Suffixes can also be used with some common nouns referring to a person. E.g. "kyaku-san" or "kyaku-sama" (customer, client, guest), "okaa-san" (mother) or, more informally, "okaa-chan" (mum, mom).
Suffixes can also be combined in a more or less humoristical manner, like "-chama" (chan + sama), as in "obaa-chama" for "grand-mother", which is both affectionate and respectful. There is a lot of freedom in the possible combinations, which is the absolute opposite of "Mr, Mrs, Miss" in English, which are fixed and non interchangeable.
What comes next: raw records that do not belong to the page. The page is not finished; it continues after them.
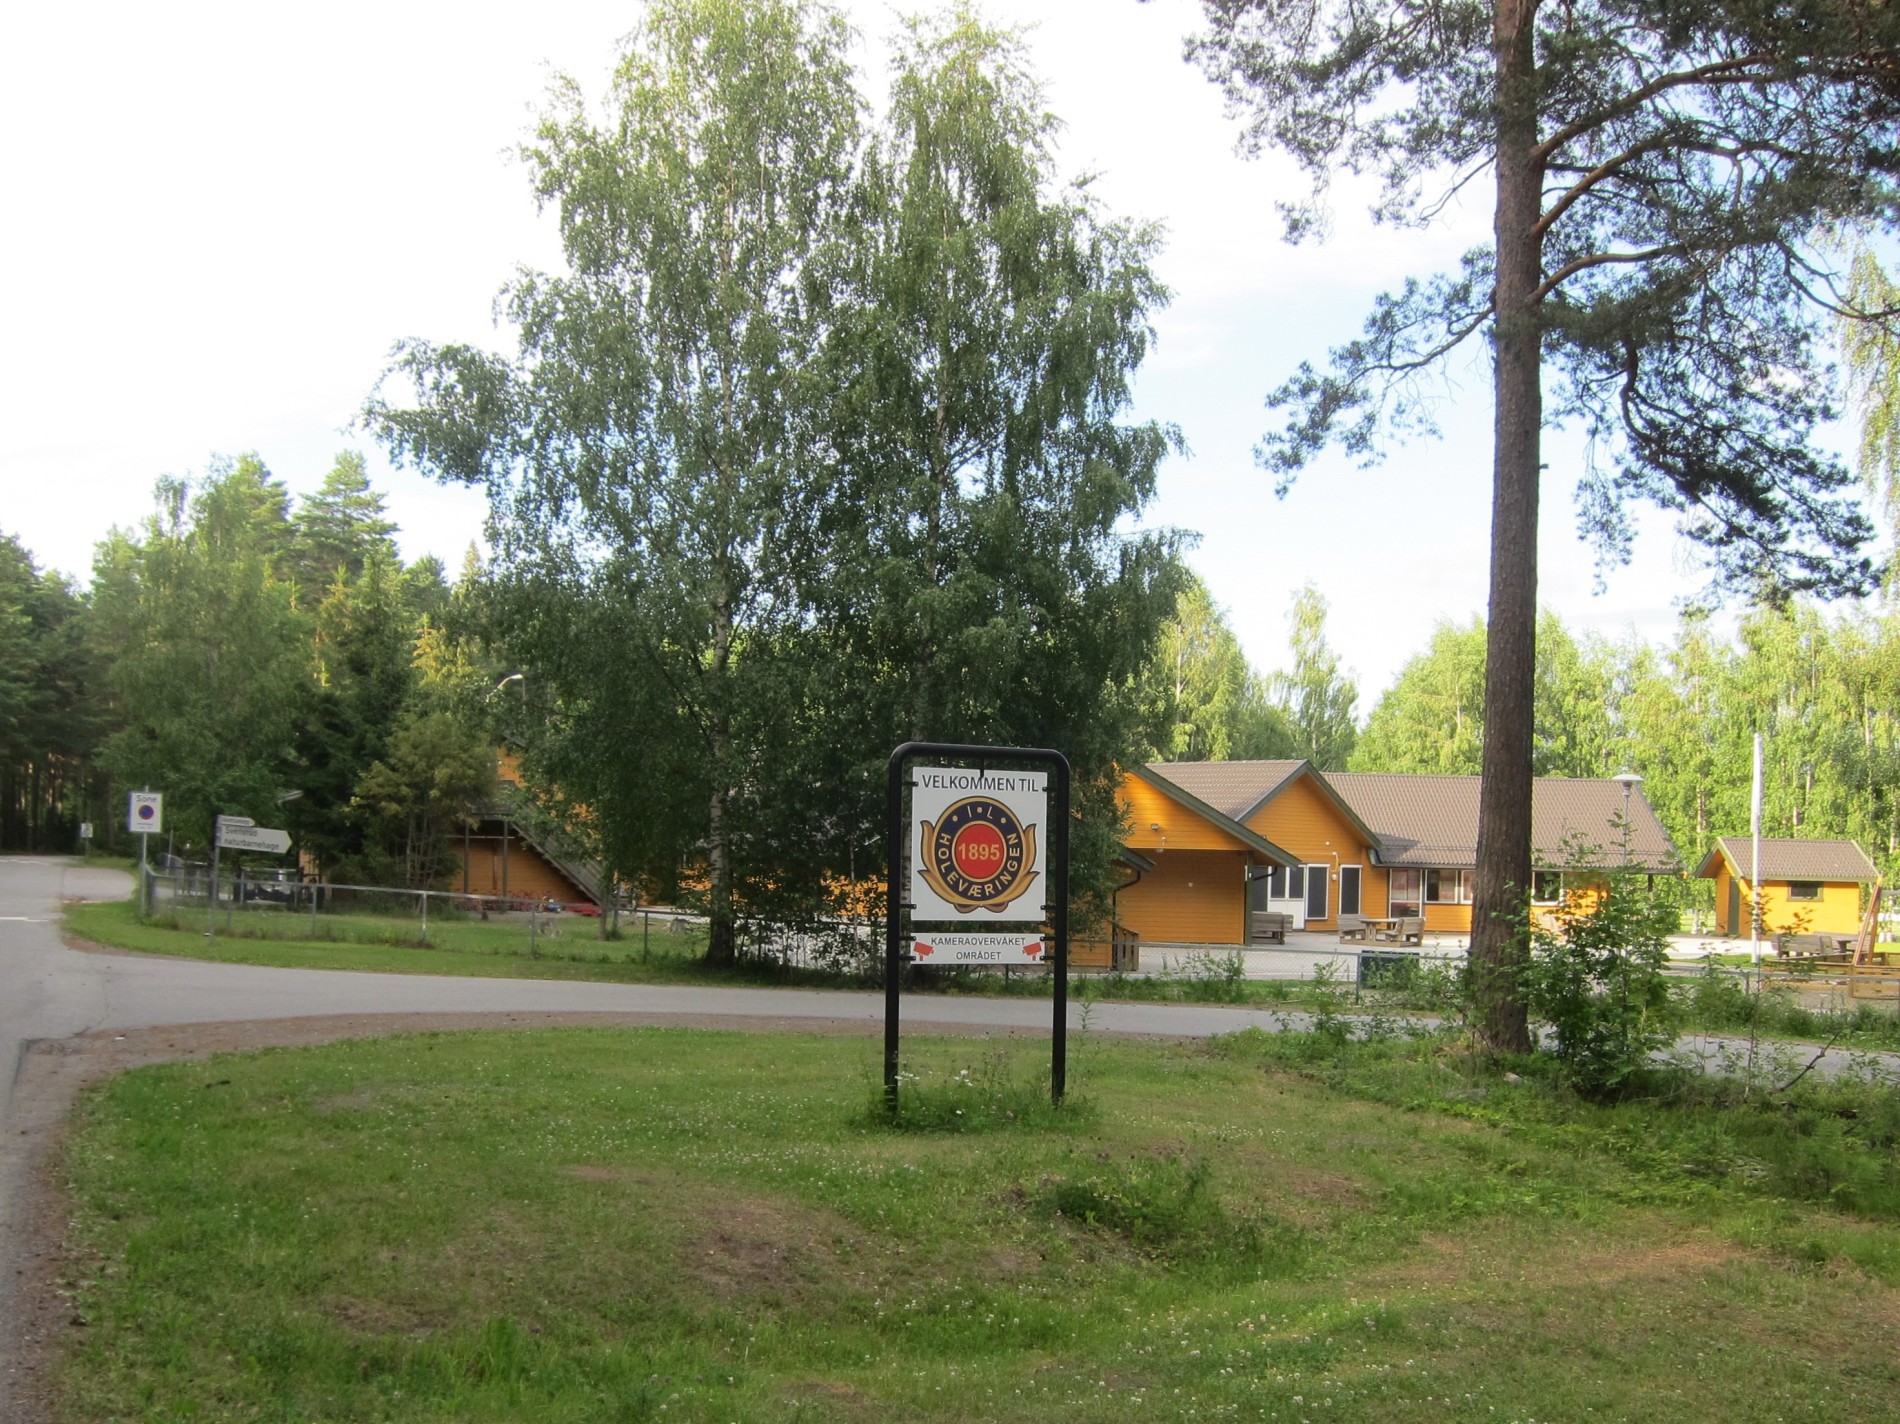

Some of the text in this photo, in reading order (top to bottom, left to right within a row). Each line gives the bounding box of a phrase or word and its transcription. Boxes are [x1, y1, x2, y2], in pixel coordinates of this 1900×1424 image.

[922, 774, 1039, 792] VELKOMMEN TIL
[136, 794, 157, 803] Sone
[959, 843, 1000, 861] 1895
[931, 936, 1026, 946] KAMERAOVERVÅKET
[955, 950, 1002, 960] OMRÅDET
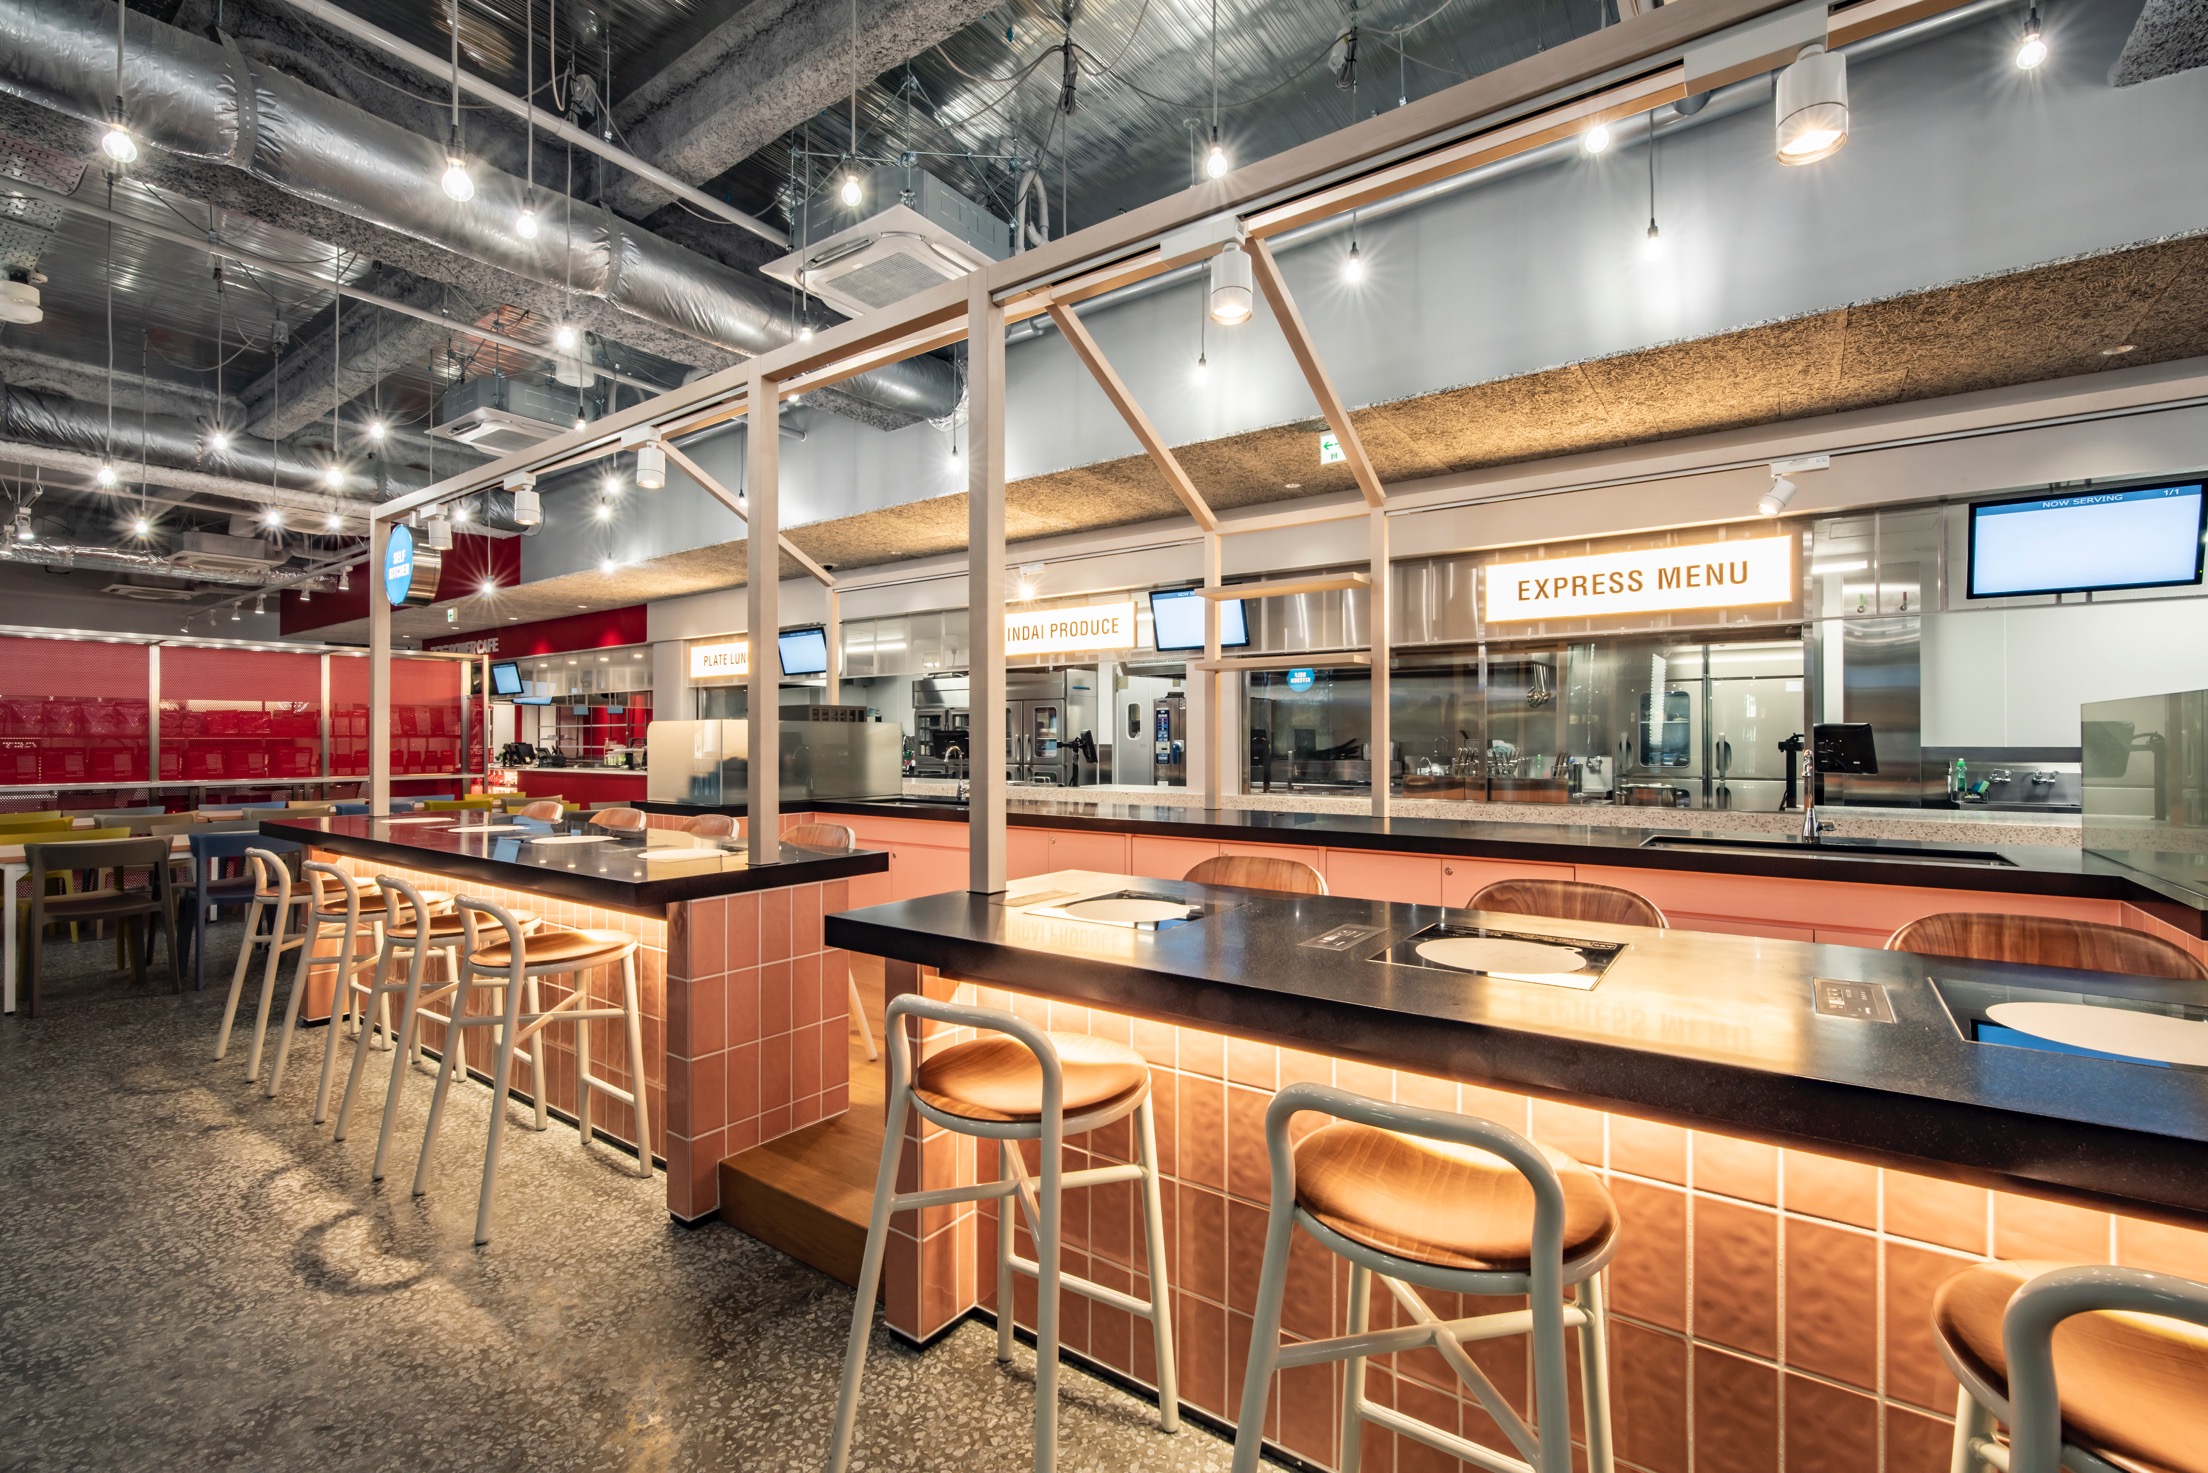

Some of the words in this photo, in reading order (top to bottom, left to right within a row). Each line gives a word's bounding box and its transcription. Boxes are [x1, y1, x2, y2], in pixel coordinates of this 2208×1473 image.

[2163, 488, 2180, 496] 1/1
[2042, 500, 2069, 508] NOW
[2072, 494, 2123, 505] SERVING
[392, 549, 406, 565] SELF
[1517, 569, 1644, 601] EXPRESS
[1657, 560, 1749, 590] MENU
[1050, 617, 1119, 639] PRODUCE
[476, 637, 500, 655] CAFE
[703, 653, 727, 667] PLATE
Other less polite suffixes also exist. Their intensity depend a lot on the intonation and context, like "-baka" 馬鹿, or the ever ruder "-yarou" 野郎 (and combination "bakayarou", which is however normally used alone as an insult). So, "kyaku-yarou" would be a very impolite way of talking about a customer someone strongly dislikes. These can also be used individually, like in "ano yarou !" ("this a*shole !") or "baka !" ("mor@n" !)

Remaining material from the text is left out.